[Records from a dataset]
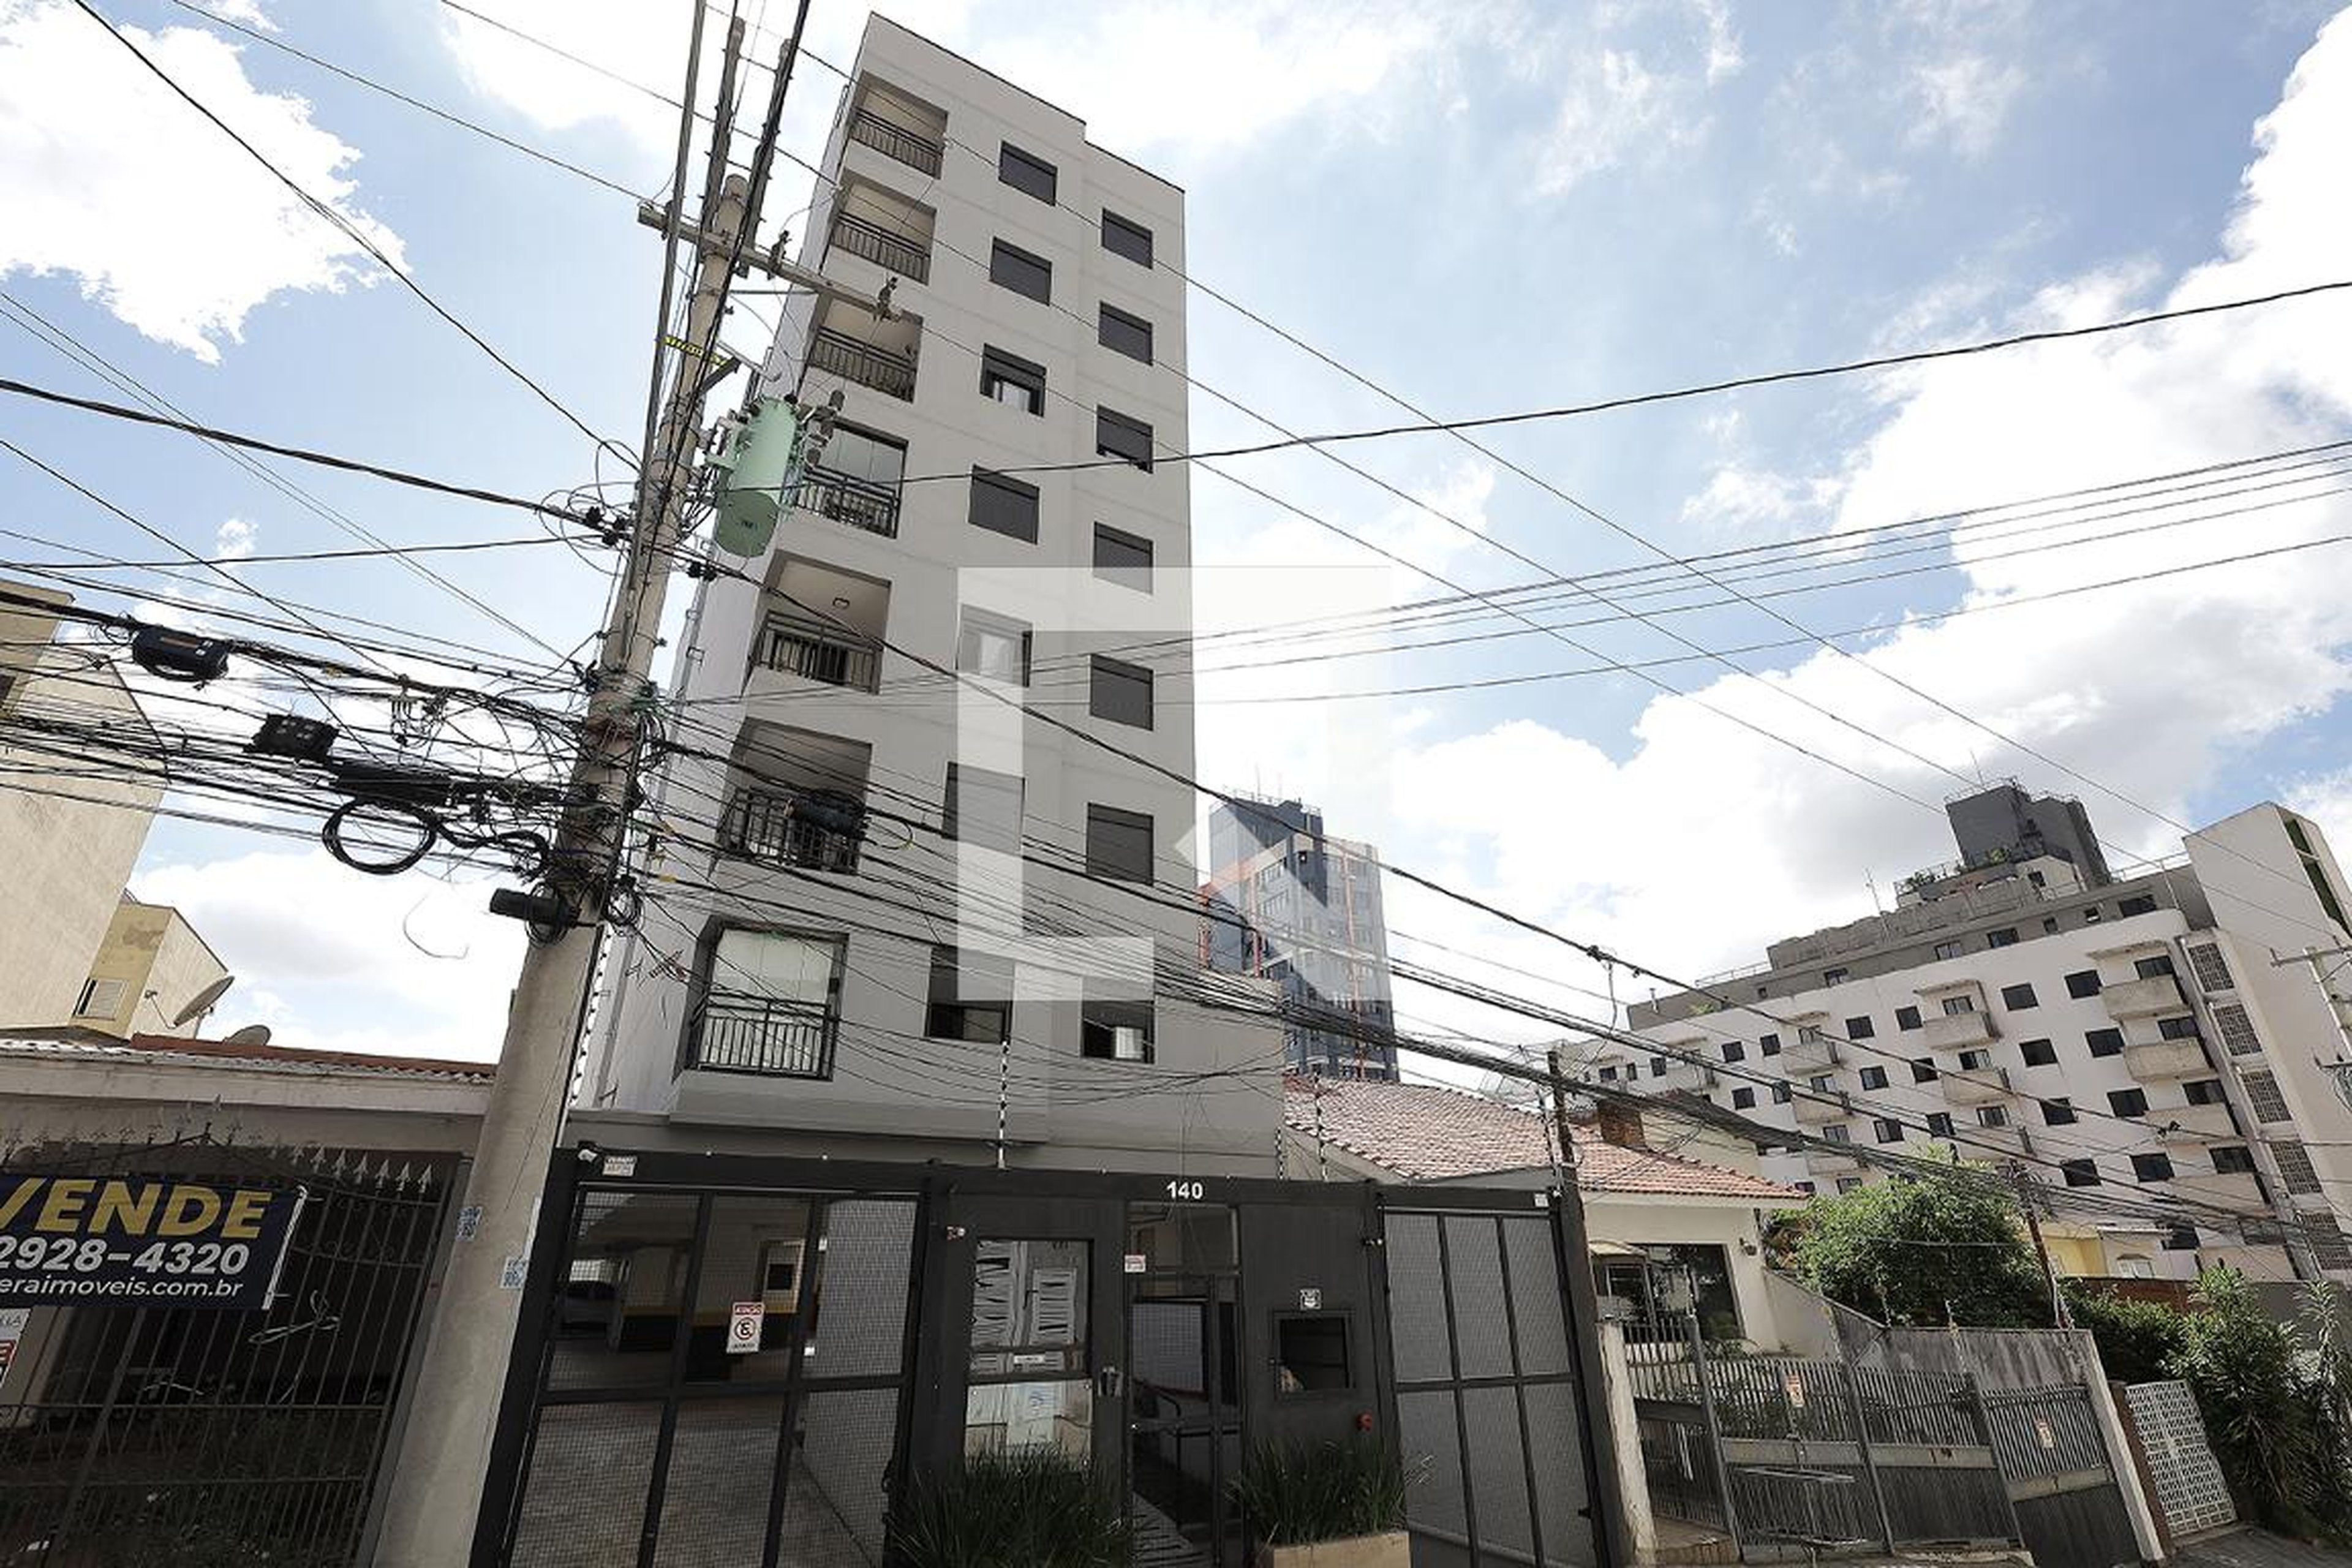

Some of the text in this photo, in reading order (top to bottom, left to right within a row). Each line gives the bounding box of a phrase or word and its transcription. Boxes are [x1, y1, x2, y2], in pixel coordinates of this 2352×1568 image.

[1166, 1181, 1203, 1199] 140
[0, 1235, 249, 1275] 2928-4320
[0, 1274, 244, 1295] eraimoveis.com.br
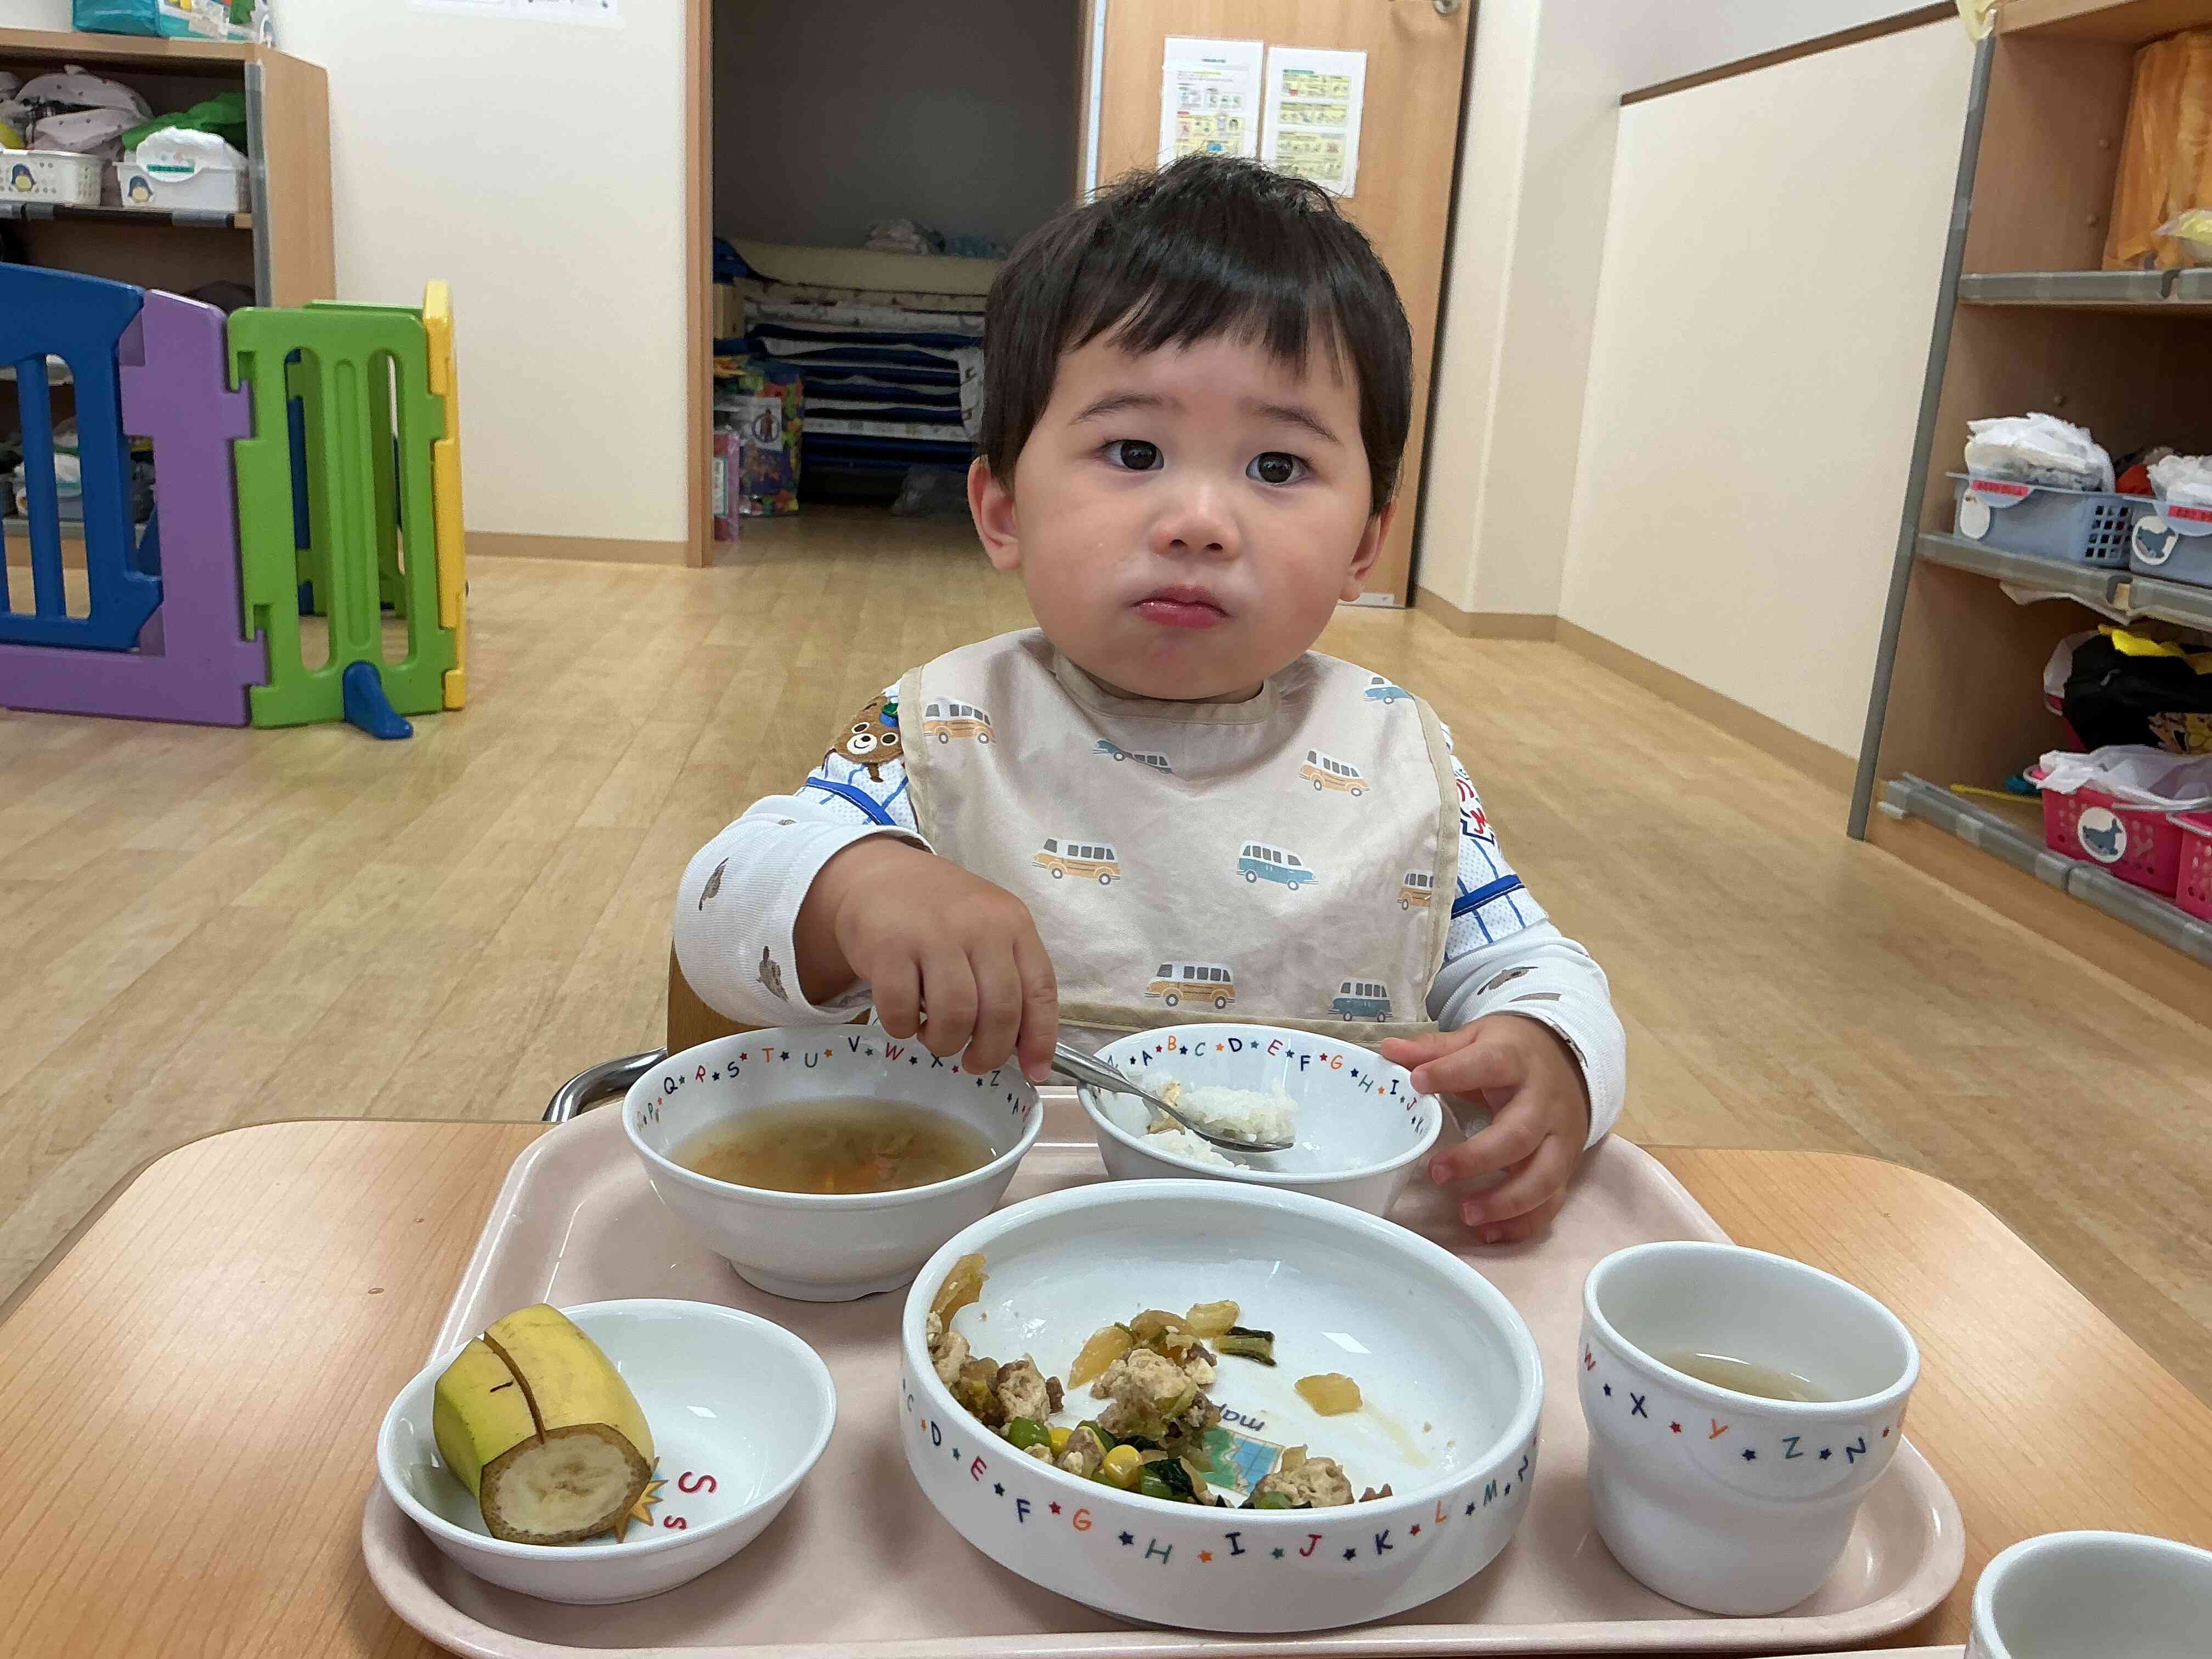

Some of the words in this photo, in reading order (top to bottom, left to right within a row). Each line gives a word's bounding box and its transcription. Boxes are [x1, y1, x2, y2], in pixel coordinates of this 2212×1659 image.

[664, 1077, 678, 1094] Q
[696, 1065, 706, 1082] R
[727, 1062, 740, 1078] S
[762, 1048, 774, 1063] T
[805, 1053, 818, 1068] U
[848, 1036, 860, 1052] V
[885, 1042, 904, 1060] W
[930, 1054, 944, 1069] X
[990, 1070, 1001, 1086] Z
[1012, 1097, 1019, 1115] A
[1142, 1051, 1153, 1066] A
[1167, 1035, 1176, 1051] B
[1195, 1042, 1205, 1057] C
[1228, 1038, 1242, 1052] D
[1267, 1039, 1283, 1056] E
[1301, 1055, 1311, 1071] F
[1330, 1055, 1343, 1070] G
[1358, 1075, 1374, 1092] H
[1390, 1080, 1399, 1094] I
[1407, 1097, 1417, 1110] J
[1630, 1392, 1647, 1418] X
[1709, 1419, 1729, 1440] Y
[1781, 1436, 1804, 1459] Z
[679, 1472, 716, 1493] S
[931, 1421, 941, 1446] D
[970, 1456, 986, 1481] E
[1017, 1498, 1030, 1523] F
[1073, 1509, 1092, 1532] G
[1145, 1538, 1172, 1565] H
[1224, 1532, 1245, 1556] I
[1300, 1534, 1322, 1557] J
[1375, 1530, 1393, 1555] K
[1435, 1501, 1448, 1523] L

What this task involves> In the copy, include every record exactly and no pictures at all.

Answer to the problem>
Some of the text in this photo, in reading order (top to bottom, left to right within a row). Each line gives the bounding box of a phrase or word and its transcription. Boxes are [x1, y1, x2, y2], in pixel coordinates of this 2352×1568 image.

[1166, 1181, 1203, 1199] 140
[0, 1235, 249, 1275] 2928-4320
[0, 1274, 244, 1295] eraimoveis.com.br

Some of the words in this photo, in reading order (top to bottom, left to right within a row). Each line gives a word's bounding box and its transcription. Boxes are [x1, y1, x2, y2], in pixel coordinates of this 2212×1659 image.

[664, 1077, 678, 1094] Q
[696, 1065, 706, 1082] R
[727, 1062, 740, 1078] S
[762, 1048, 774, 1063] T
[805, 1053, 818, 1068] U
[848, 1036, 860, 1052] V
[885, 1042, 904, 1060] W
[930, 1054, 944, 1069] X
[990, 1070, 1001, 1086] Z
[1012, 1097, 1019, 1115] A
[1142, 1051, 1153, 1066] A
[1167, 1035, 1176, 1051] B
[1195, 1042, 1205, 1057] C
[1228, 1038, 1242, 1052] D
[1267, 1039, 1283, 1056] E
[1301, 1055, 1311, 1071] F
[1330, 1055, 1343, 1070] G
[1358, 1075, 1374, 1092] H
[1390, 1080, 1399, 1094] I
[1407, 1097, 1417, 1110] J
[1630, 1392, 1647, 1418] X
[1709, 1419, 1729, 1440] Y
[1781, 1436, 1804, 1459] Z
[679, 1472, 716, 1493] S
[931, 1421, 941, 1446] D
[970, 1456, 986, 1481] E
[1017, 1498, 1030, 1523] F
[1073, 1509, 1092, 1532] G
[1145, 1538, 1172, 1565] H
[1224, 1532, 1245, 1556] I
[1300, 1534, 1322, 1557] J
[1375, 1530, 1393, 1555] K
[1435, 1501, 1448, 1523] L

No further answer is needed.